Is it dangerous to create a namespace for functions in a script without a package?

Hi everyone,

Consider the following function:

source_as_ns <- function(namespace, file){
  ns <- namespace::makeNamespace(namespace)
  source(file, local = ns)
  base::namespaceExport(ns, ls(ns))
}

It creates a namespace containing objects defined in the R script file. So:

# script.R
foo <- function(x) x + 1
source_as_ns("bar", "script.R")

bar::foo(1)
# 2

Apart from the "why not using a package/namespace" points, are there other reasons not to use a function like this to avoid polluting the Global Env. and have the functions in the script available for use?

Thanks!

1 Like

If you're only doing this locally on your system, it's completely up to you. However, there would obviously be a few things to consider.

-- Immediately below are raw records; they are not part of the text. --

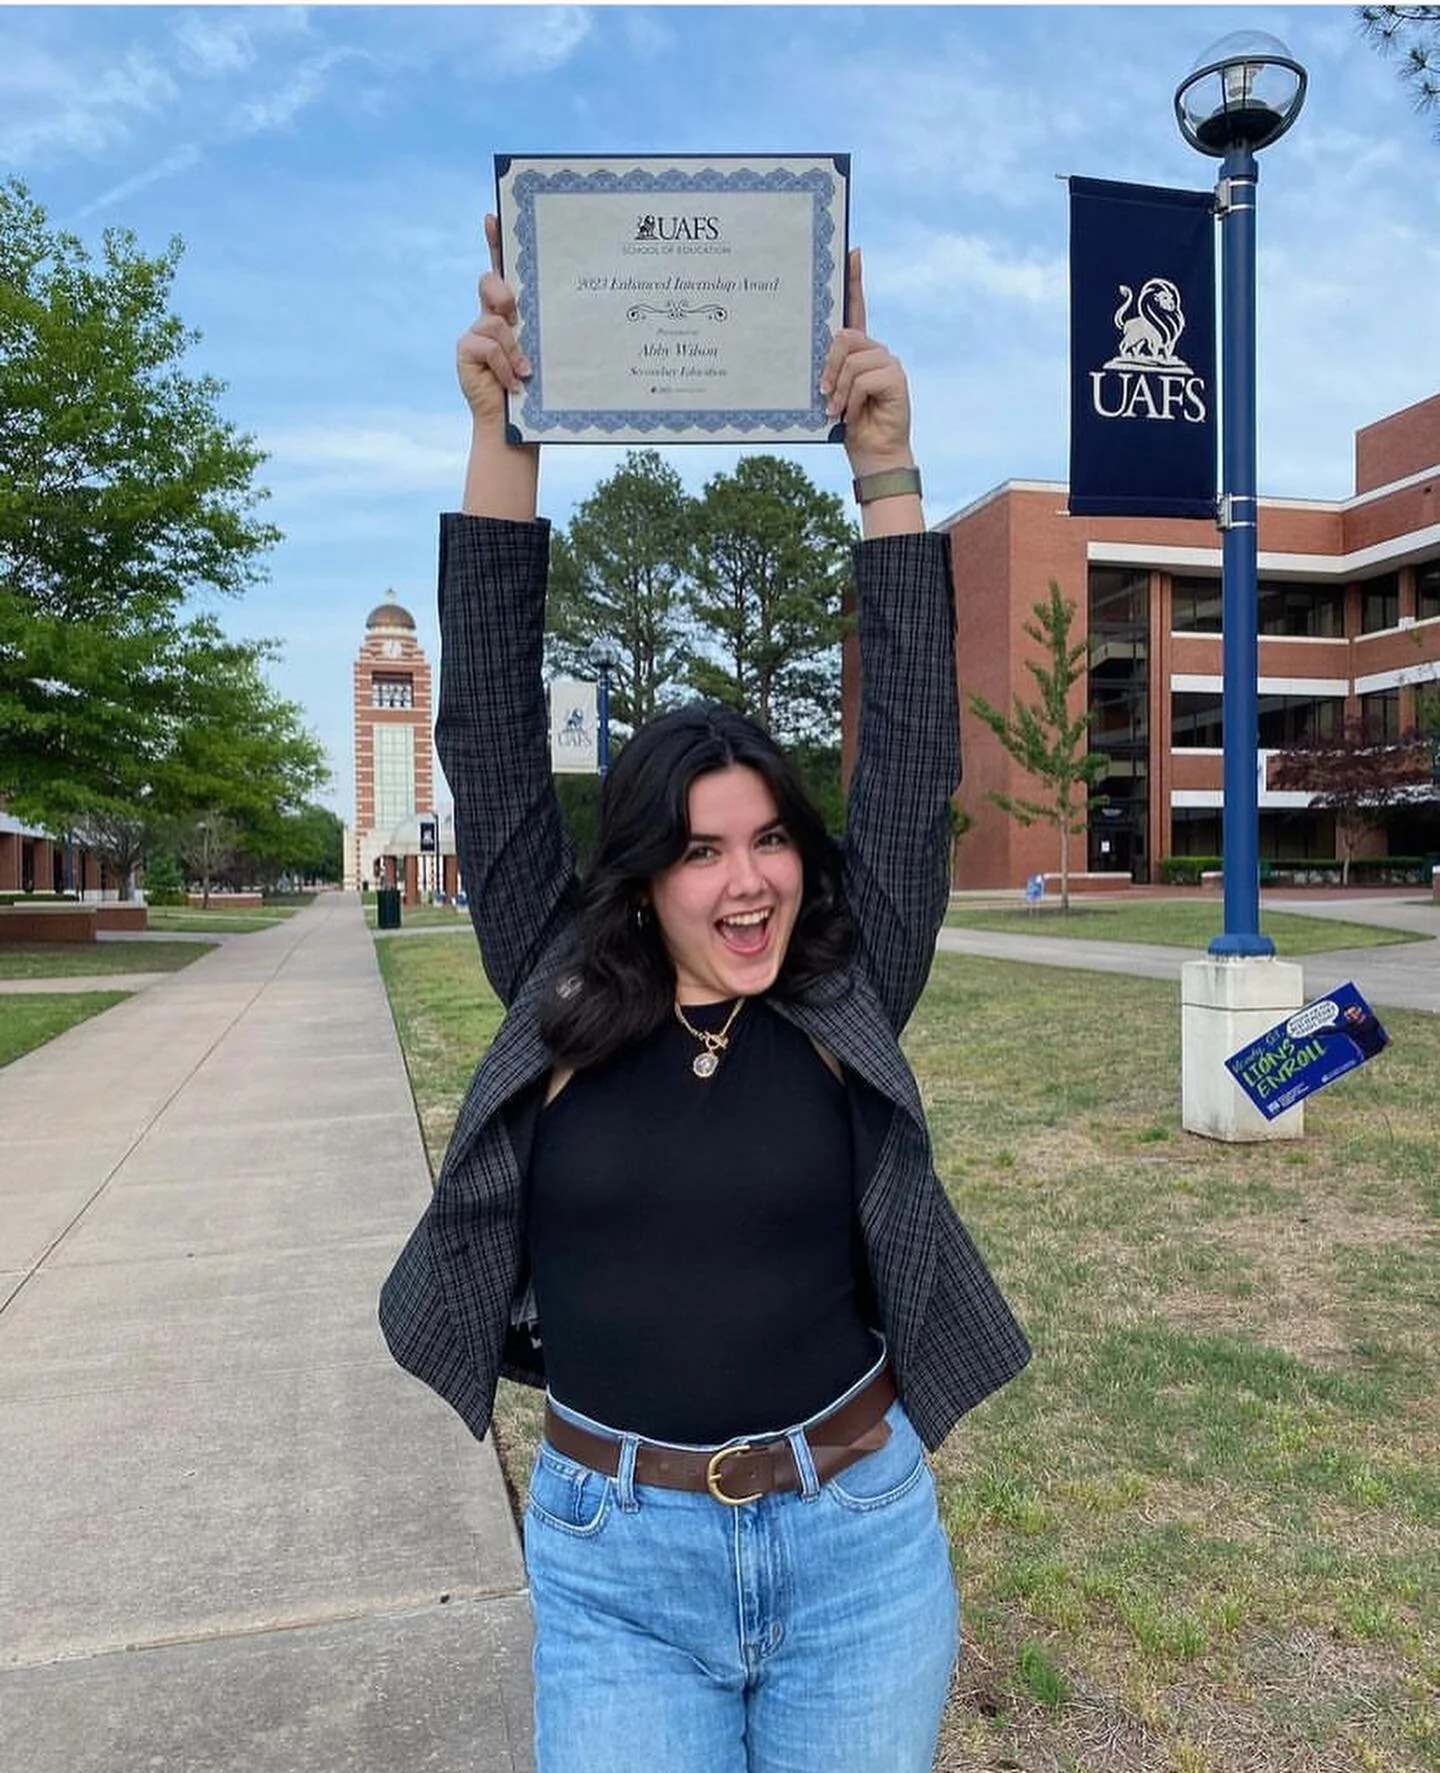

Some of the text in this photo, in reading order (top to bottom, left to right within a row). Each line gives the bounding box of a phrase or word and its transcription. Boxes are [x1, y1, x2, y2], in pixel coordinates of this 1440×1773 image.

[657, 217, 719, 240] UAFS
[622, 245, 731, 255] SCHOOL OF EDUCATION
[610, 275, 671, 291] Enhanced
[674, 276, 736, 293] Internship
[738, 276, 780, 291] Award
[676, 343, 719, 356] Wilson
[1089, 371, 1206, 423] UAFS
[1242, 1037, 1296, 1088] LIONS
[1256, 1040, 1328, 1099] ENROLL
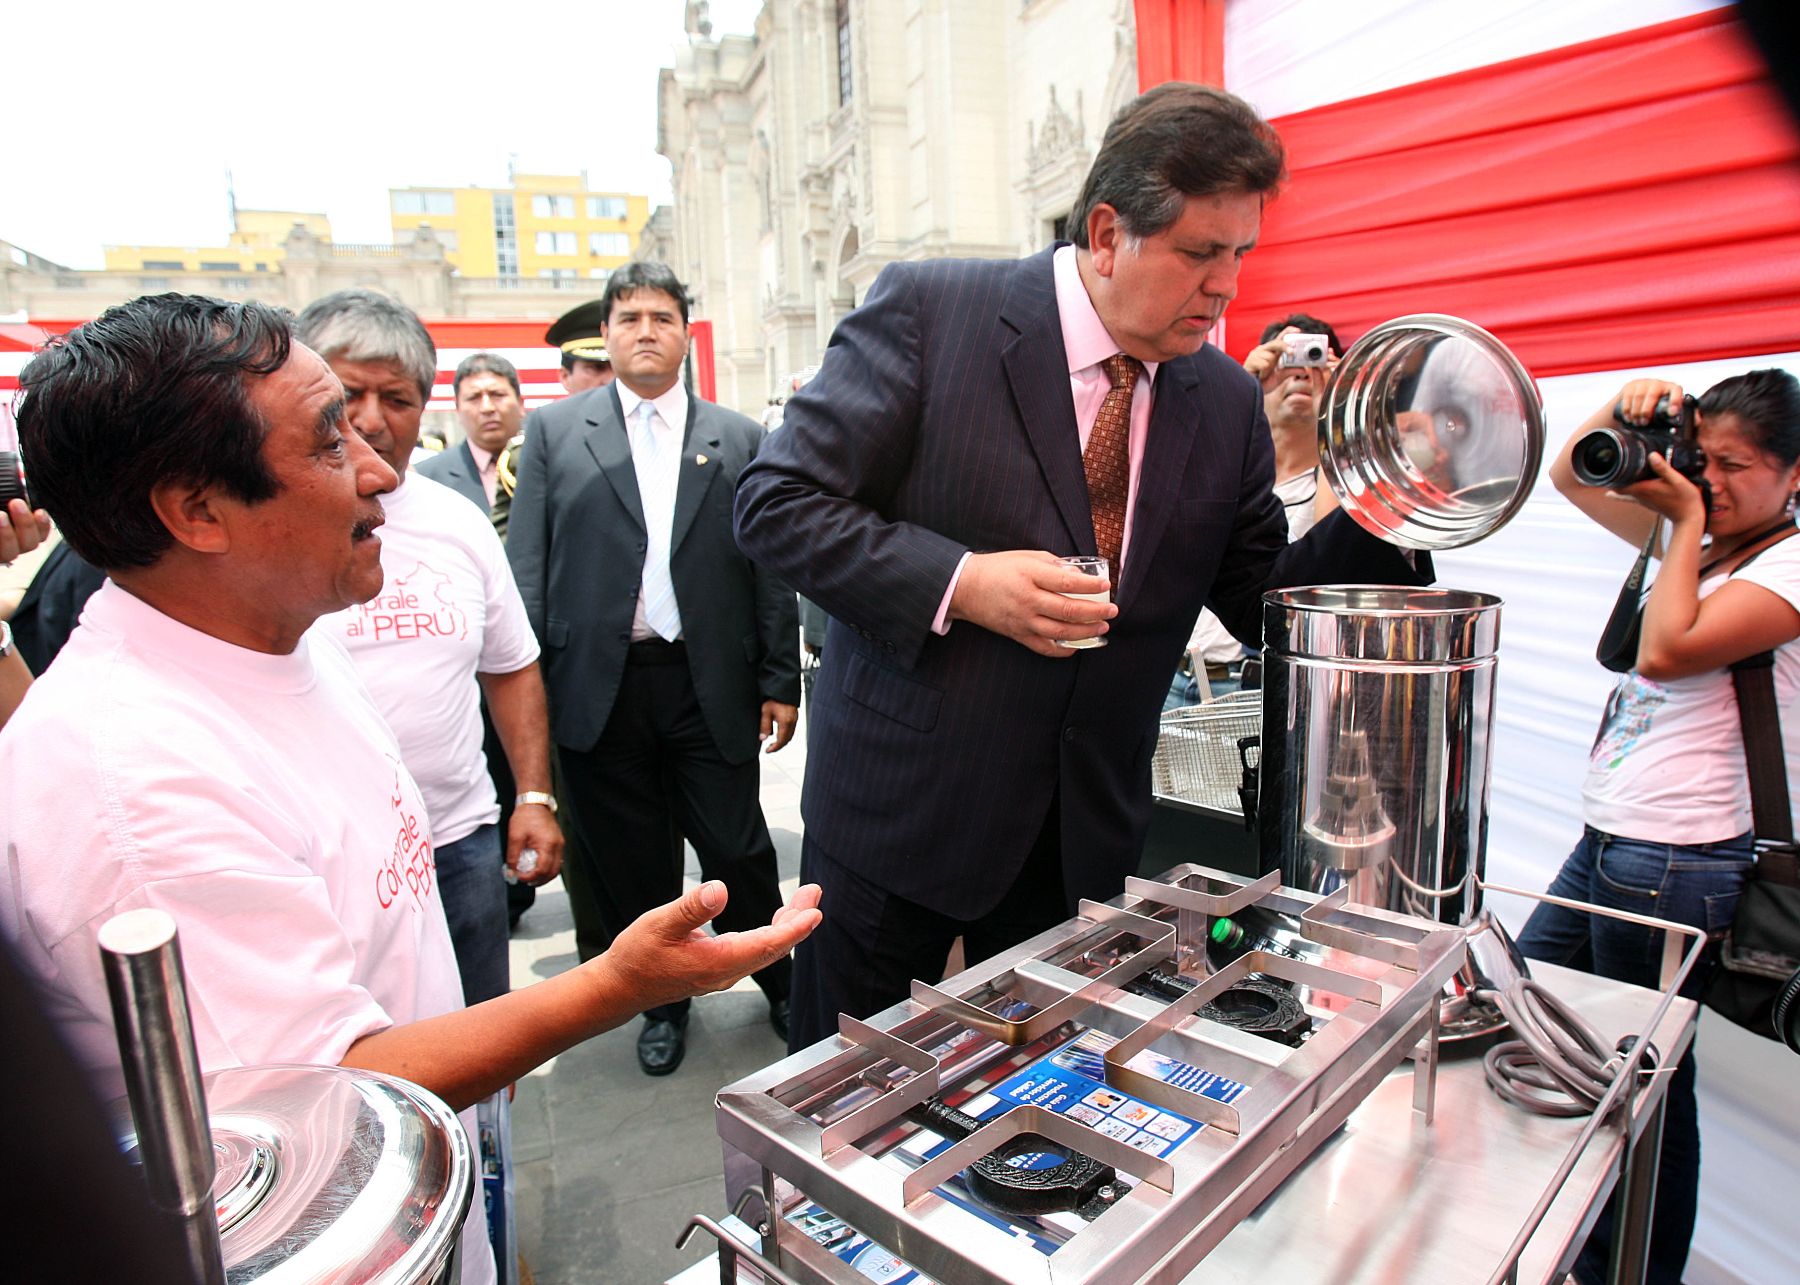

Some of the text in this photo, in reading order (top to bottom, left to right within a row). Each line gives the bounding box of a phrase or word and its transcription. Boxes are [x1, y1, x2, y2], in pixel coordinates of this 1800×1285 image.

[346, 607, 456, 640] al PERÚ
[1009, 1080, 1035, 1097] Calidad

  1. What packages the functions in the namespace rely on, you'd have to ensure these are loaded further up the search() path.
  2. Where on the search() path this is going to go, and how will that effect any packages loaded after your new namespace.
  3. Naming conflicts: make sure your new namespace is unique (maybe check that the new name doesn't match any other packages).
  4. How would this behave if ran on a different system?

There are probably plenty of other questions that you should ask before implementing something like this in a workflow. But if it works for you, go for it.